130P Real-life outcome data on Risdiplam therapy for spinal muscular atrophy

Abstract

Risdiplam is an orally administered novel small molecule approved for the treatment of spinal muscular atrophy (SMA), a rare and debilitating neuromuscular disorder. Risdiplam acts as a survival motor neuron (SMN) 2 splicing modifier, promoting the production of functional SMN protein, which is crucial for motor neuron survival and function. By increasing SMN protein levels, risdiplam compensates for the deficiency caused by SMN1 gene mutations, the underlying genetic cause of SMA. We collected the clinical outcome data of all individuals with SMA treated with risdiplam at the SMA clinic in a large tertiary hospital. The study participants included 22 individuals who received risdiplam between 5 months and 24 years of age (median age 15 years, interquartile range [IQR] 12-21) and whose median follow-up duration was 16 ([IQR] 9.3-19.1) months. Of these patients, 18 were previously treated with intrathecal nusinersen and 4 patients were treatment naive.
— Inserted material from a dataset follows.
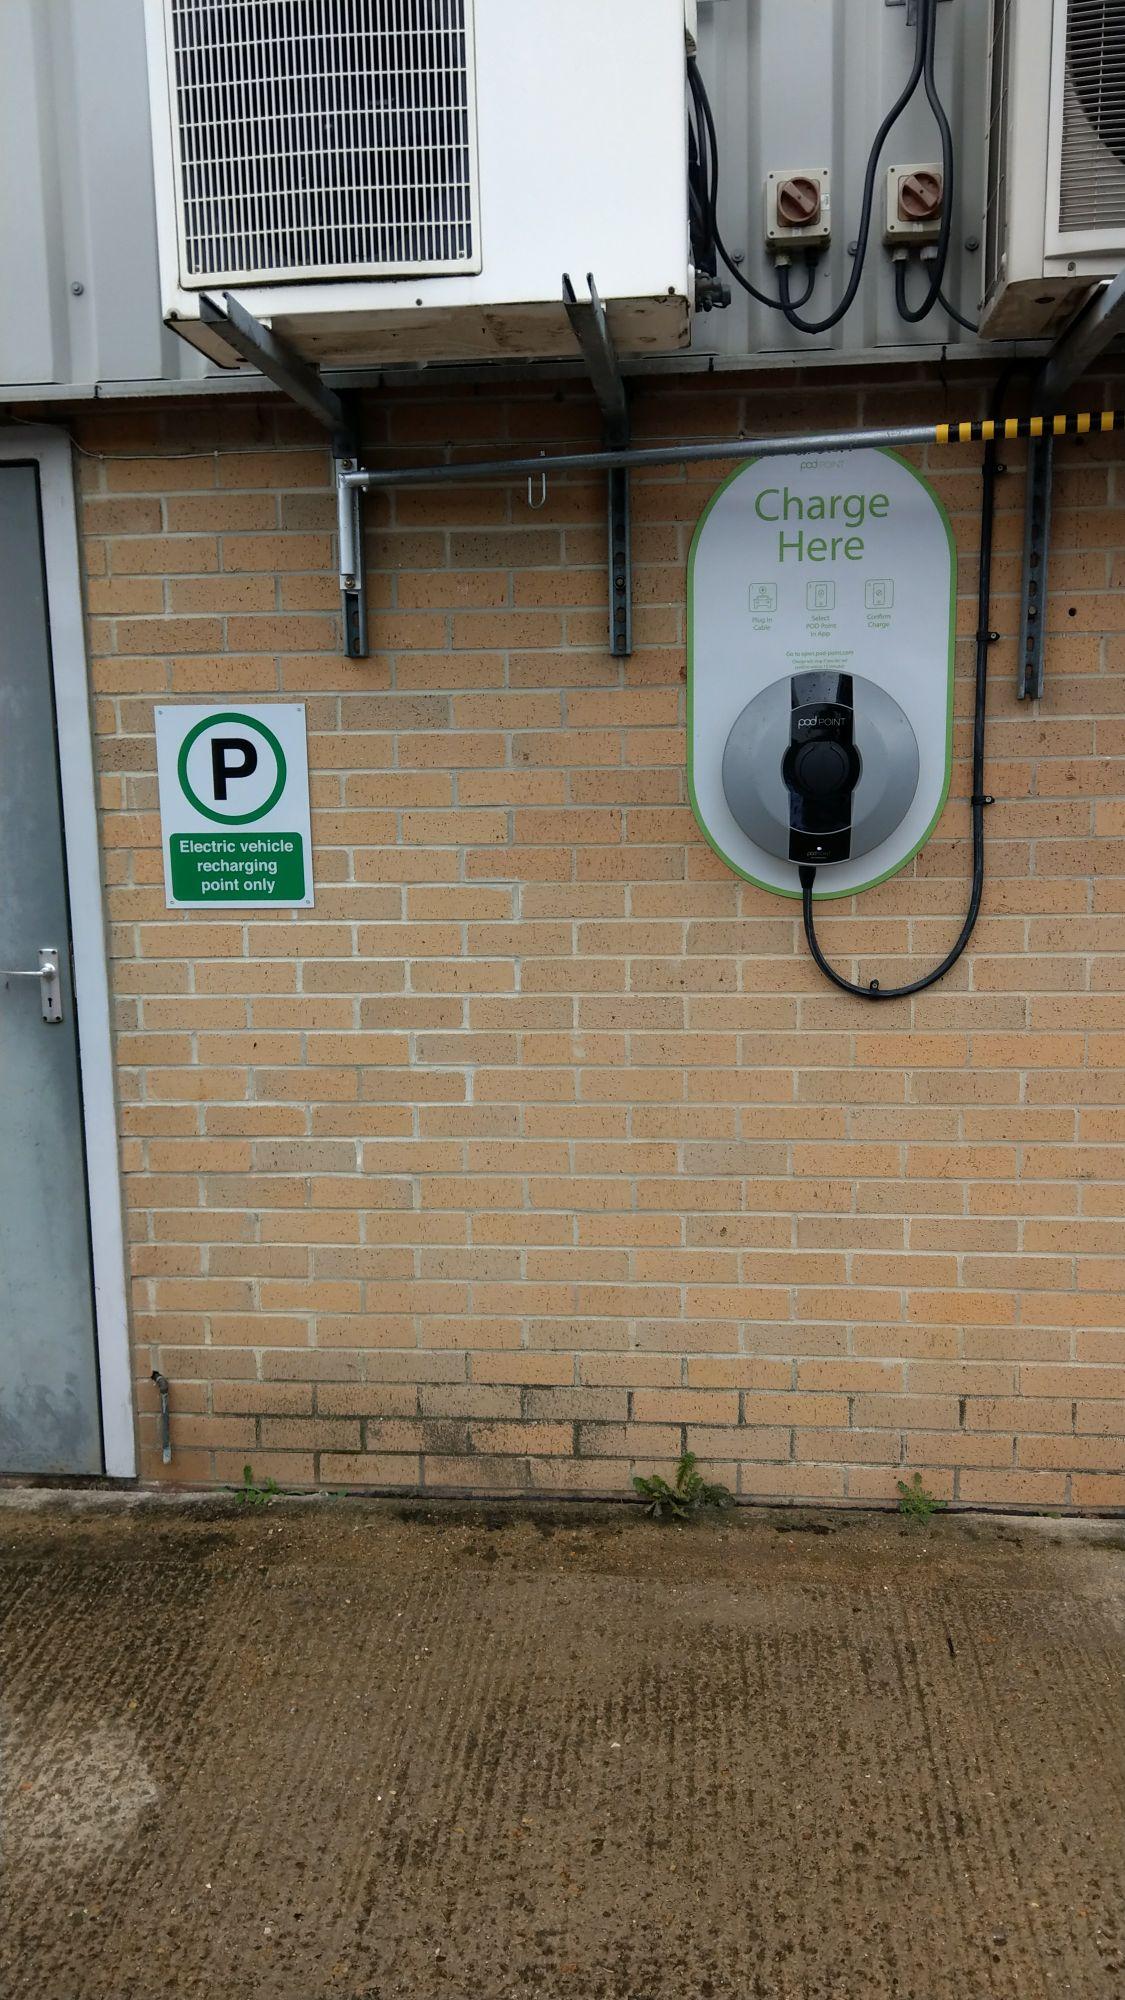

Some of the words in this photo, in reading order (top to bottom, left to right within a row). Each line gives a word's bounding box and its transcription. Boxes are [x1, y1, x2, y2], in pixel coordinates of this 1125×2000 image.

Compared to baseline, in SMA type 1 patients, Children's Hospital of Philadelphia Infant Test of Neuromuscular Disorders (CHOP INTEND) scores were stable or slightly increased by a median of 0.4 points at last follow-up, while in SMA types 2-3 patients Hammersmith Functional Motor Scale Expanded (HFMSE) scores showed a mild increase by a median of 2 points at last follow-up and Revised Upper Limb Module (RULM) scores showed an increase of 1 point. No changes in ventilatory status or bulbar function were noted during risdiplam follow-up. Five out of 22 patients had mild adverse effects, including headache, vomiting, nausea and rash which resolved within days. Overall, risdiplam was well tolerated, easy to handle and led to stable or slightly improved motor function outcomes in SMA patients.